TUBE, DRAFT 1, CHAPTER 36 (EXCERPT)
The noise was a tremendous hollow bang. It rolled across the field like thunder. There was a brief spark, and then both carriages derailed with a screech, briefly rearing up like two fighting animals, their wheels spinning clear off the ground. They hovered like this for a few seconds and laboriously tumbled to one side. A few more cars collided on inertia and careened dangerously, swaying, not quite off the tracks but not on them either, before the whole mess stopped moving.
Where Olesya’s father stood a moment ago was a mash of clothes and blood. It sprayed out at the snow, splattering it with red droplets, melting it, turning it into pink sludge. The rest of him got dragged over to where the tipped carriages wallowed in the snow.
“No, papa! NO!!!” Olesya swam in pain and shock, no longer knowing who she was or where she belonged or how she was able to witness her father’s horrific death that took place eleven years ago. Tears streamed down her face, and she wailed, blubbering muzzy nonsense, crawling up the embankment on her hands and knees, her vision blurry, her head ringing.
A smell of burning rubber streaked up her nose, that, and another odor, sweet and cloying. She didn’t want to think about what it was, deliberately breathing through her mouth.

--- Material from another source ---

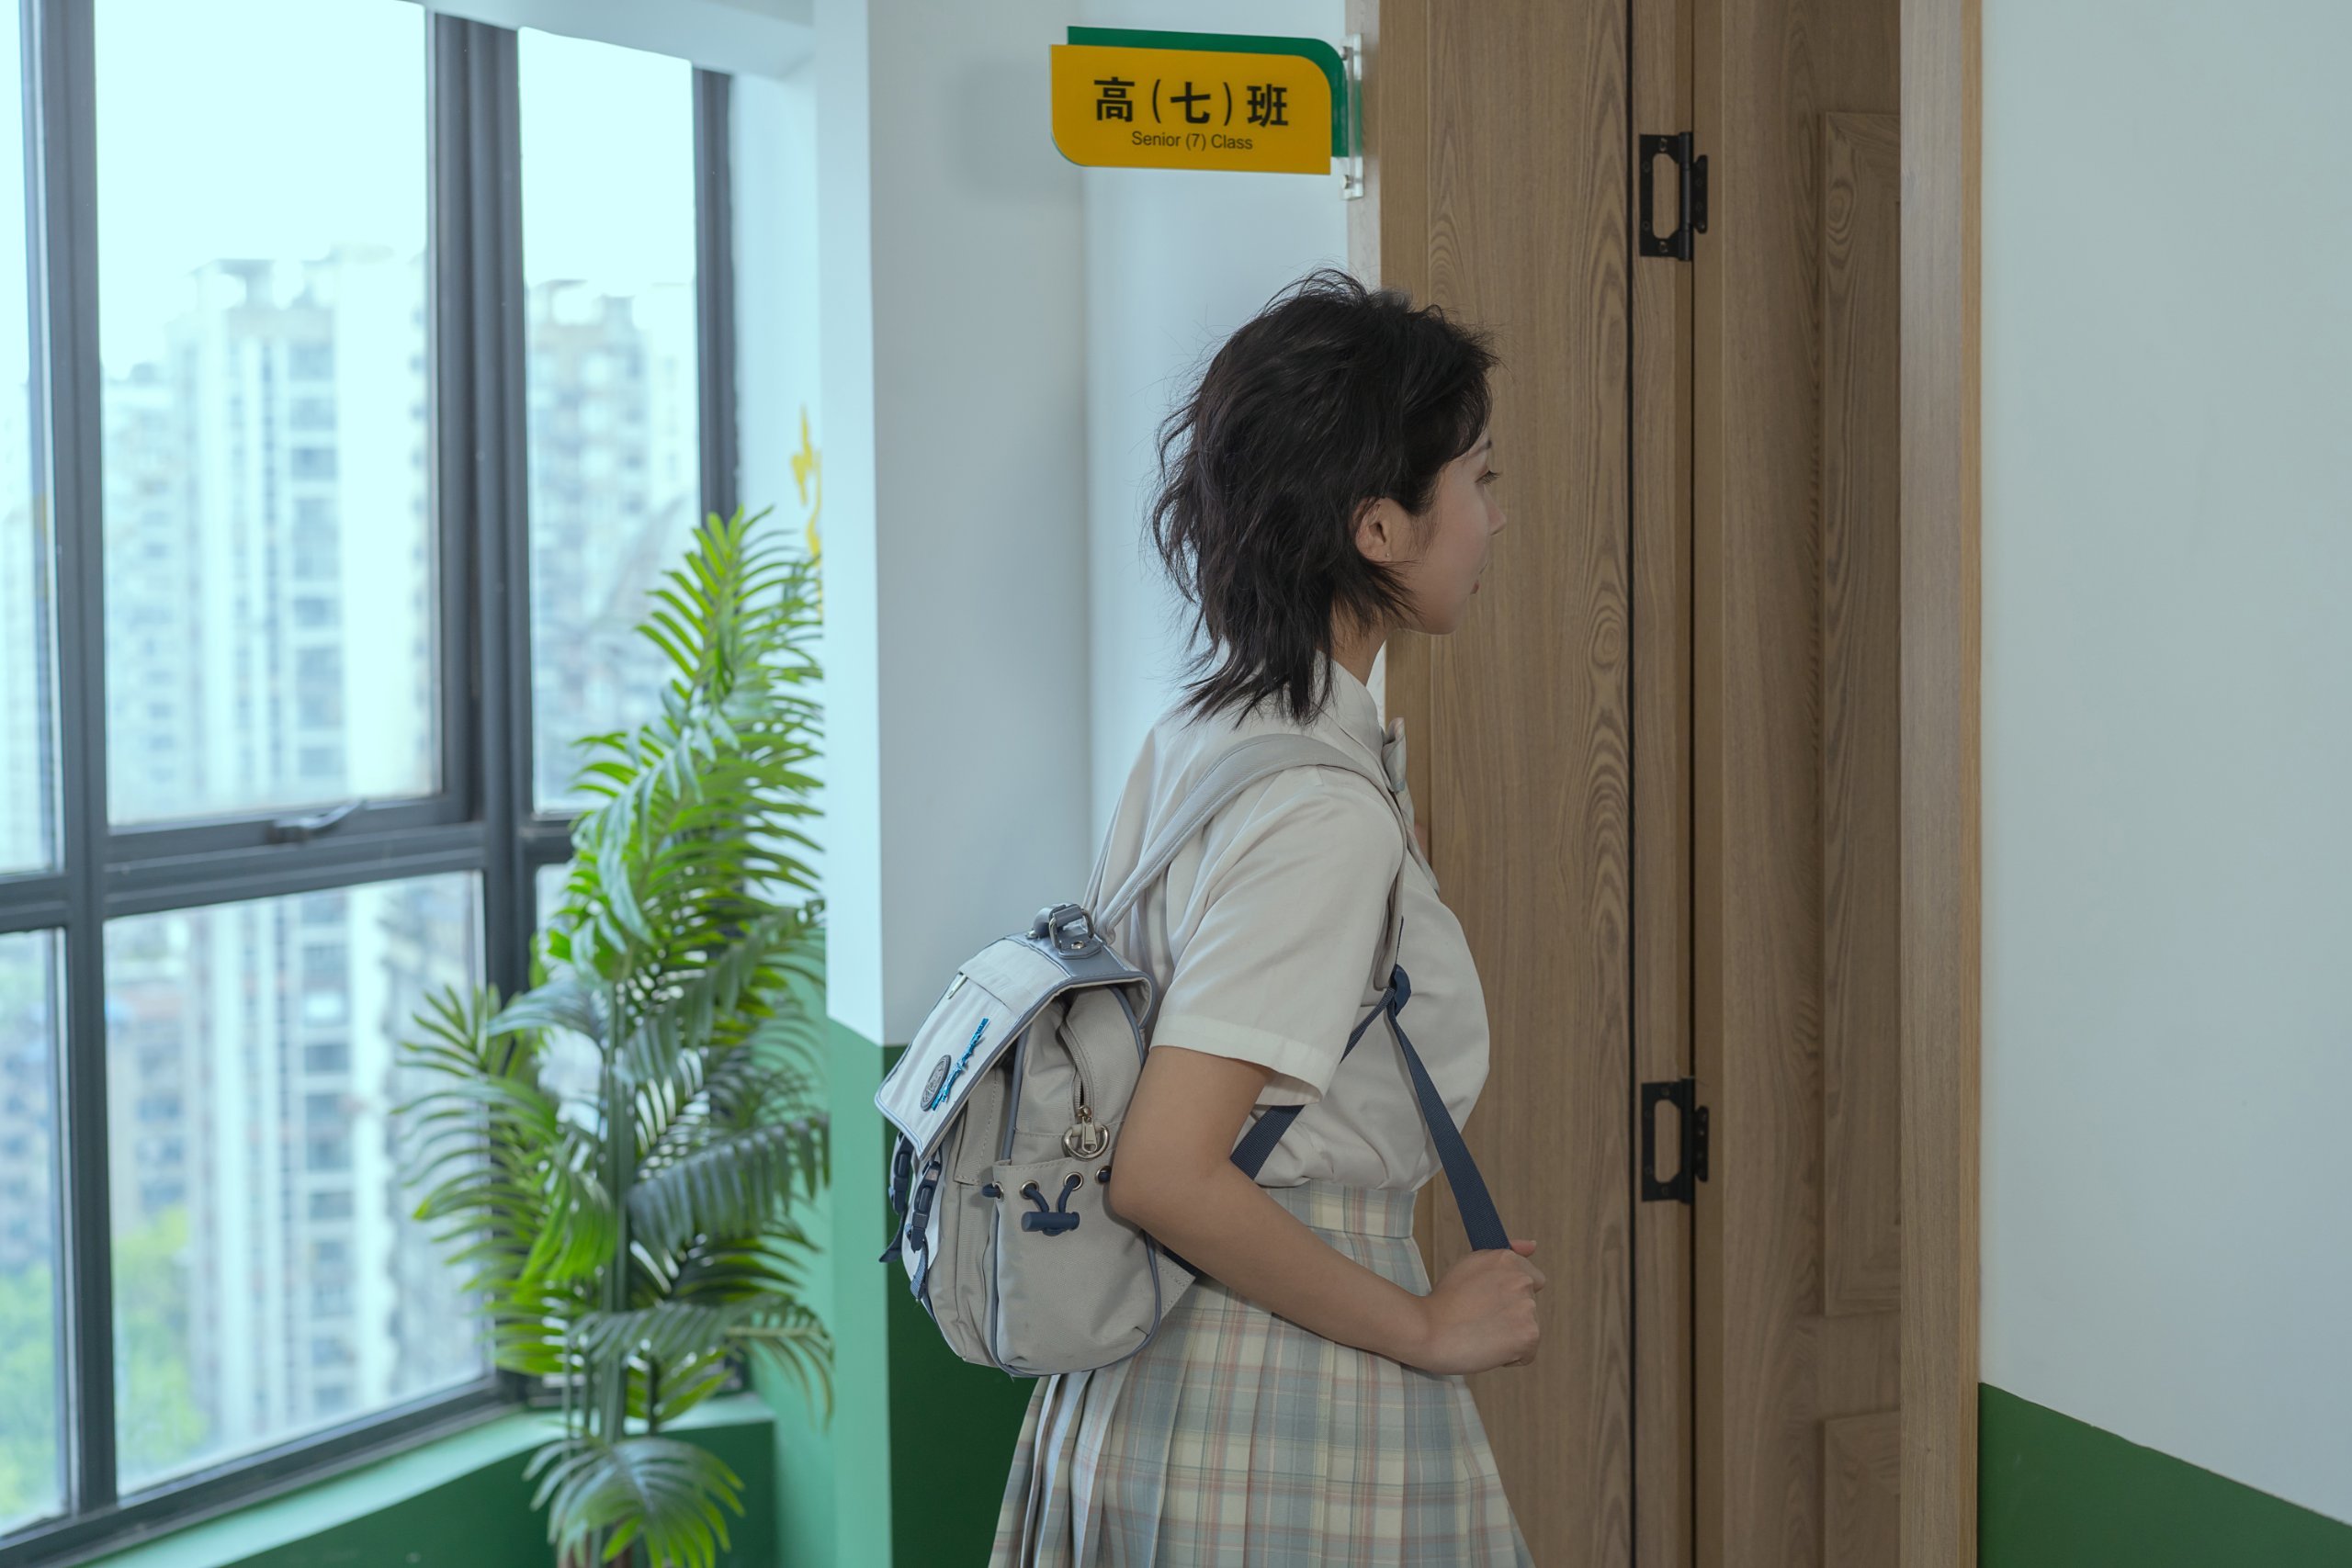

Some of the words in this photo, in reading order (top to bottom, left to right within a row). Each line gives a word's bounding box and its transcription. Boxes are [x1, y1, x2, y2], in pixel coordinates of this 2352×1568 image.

[1132, 130, 1182, 147] Senior
[1185, 133, 1206, 152] (7)
[1211, 134, 1253, 150] Class

“Oh...” she stopped, her eyes pinned to a hand, her father’s hand that she touched not too long ago, now severed from his arm and resting palm up, as if in a gesture of supplication, fingers curled slightly, a tangle of torn ligaments and muscle where his wrist should’ve been. Olesya touched his dead fingers and dropped her head, “Oh, my God.” The fingers were stiff and cold, not at all what the fingers of a recently killed person should feel.
They should be warm...they should be...
Olesya looked up, scanning the ground.
It’s fake, it’s all fake. You’re doing it to scare me.

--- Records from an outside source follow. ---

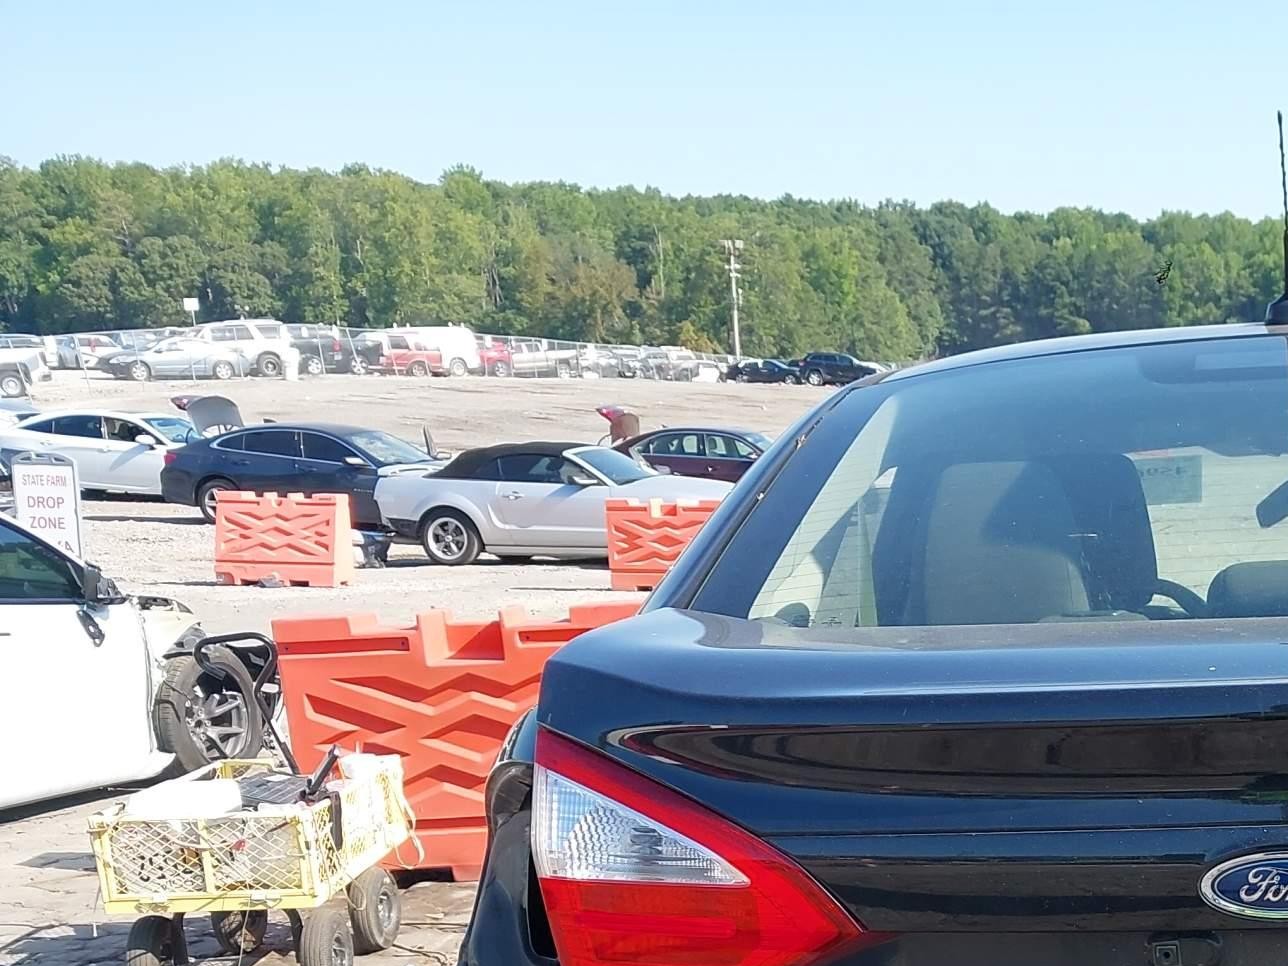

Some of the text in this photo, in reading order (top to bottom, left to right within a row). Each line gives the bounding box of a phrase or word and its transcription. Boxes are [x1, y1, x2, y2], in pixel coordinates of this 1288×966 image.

[22, 474, 66, 487] STATE FARM
[27, 496, 64, 509] DROP
[29, 516, 66, 529] ZONE
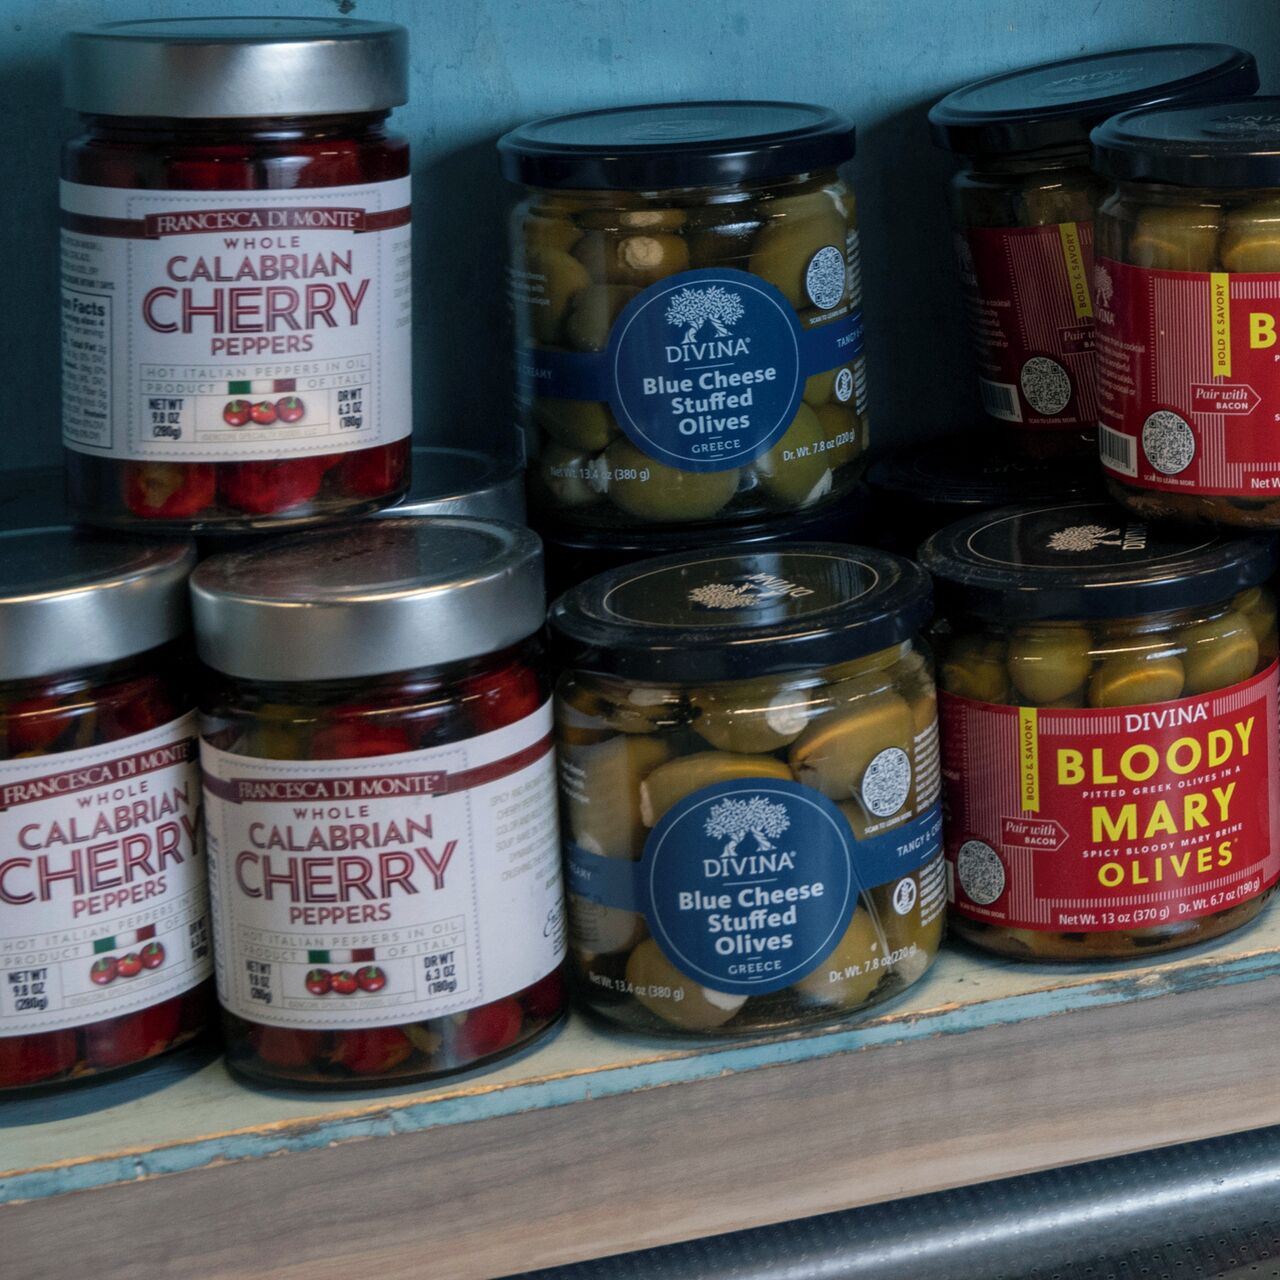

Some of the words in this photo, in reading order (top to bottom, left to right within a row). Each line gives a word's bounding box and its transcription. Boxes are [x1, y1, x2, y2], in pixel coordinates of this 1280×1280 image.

[157, 210, 263, 233] FRANCESCA
[267, 211, 289, 227] DI
[291, 210, 356, 227] MONTE
[224, 236, 300, 250] WHOLE
[166, 250, 353, 282] CALABRIAN
[142, 279, 371, 334] CHERRY
[211, 333, 314, 357] PEPPERS
[665, 340, 749, 363] DIVINA
[643, 377, 693, 396] Blue
[698, 367, 777, 392] Cheese
[671, 388, 754, 416] Stuffed
[678, 411, 751, 436] Olives
[691, 439, 741, 454] GREECE
[1125, 704, 1208, 733] DIVINA
[1056, 716, 1255, 786] BLOODY
[3, 767, 113, 804] FRANCESCA
[117, 760, 139, 779] DI
[140, 744, 190, 774] MONTE
[238, 781, 325, 799] FRANCESCA
[333, 781, 355, 798] DI
[360, 776, 434, 796] MONTE
[77, 781, 149, 809] WHOLE
[18, 781, 191, 851] CALABRIAN
[293, 805, 370, 819] WHOLE
[1091, 781, 1237, 843] MARY
[249, 814, 434, 851] CALABRIAN
[0, 810, 201, 905] CHERRY
[234, 839, 459, 903] CHERRY
[703, 854, 795, 878] DIVINA
[1097, 841, 1234, 887] OLIVES
[72, 876, 168, 918] PEPPERS
[678, 891, 732, 911] Blue
[737, 882, 825, 908] Cheese
[289, 903, 392, 925] PEPPERS
[707, 904, 797, 933] Stuffed
[714, 932, 793, 956] Olives
[728, 960, 782, 976] GREECE

There were other body parts, mangled and strewn along several yards, unidentifiable unless she crept over and took a closer look. Then she felt sick and gagged, catching the bile by her teeth and forcing it down. Directly across her, right on the rail, mysteriously balancing on its very edge of it as if was placed there on purpose, sat her father’s head wrapped in the fur hat, his eyes open, glassy, staring at her.
Olesya felt her stomach melt and disappear somewhere. Her bowels were hot and churning. She felt an urge to void herself, right there and then, suddenly not worried about the smell or the feel of doing what she hadn’t done since the day when her father snatched her away from the moving toy train at the park, when she let go of her bladder, terrified of his fear, of his bulging eyes staring at her.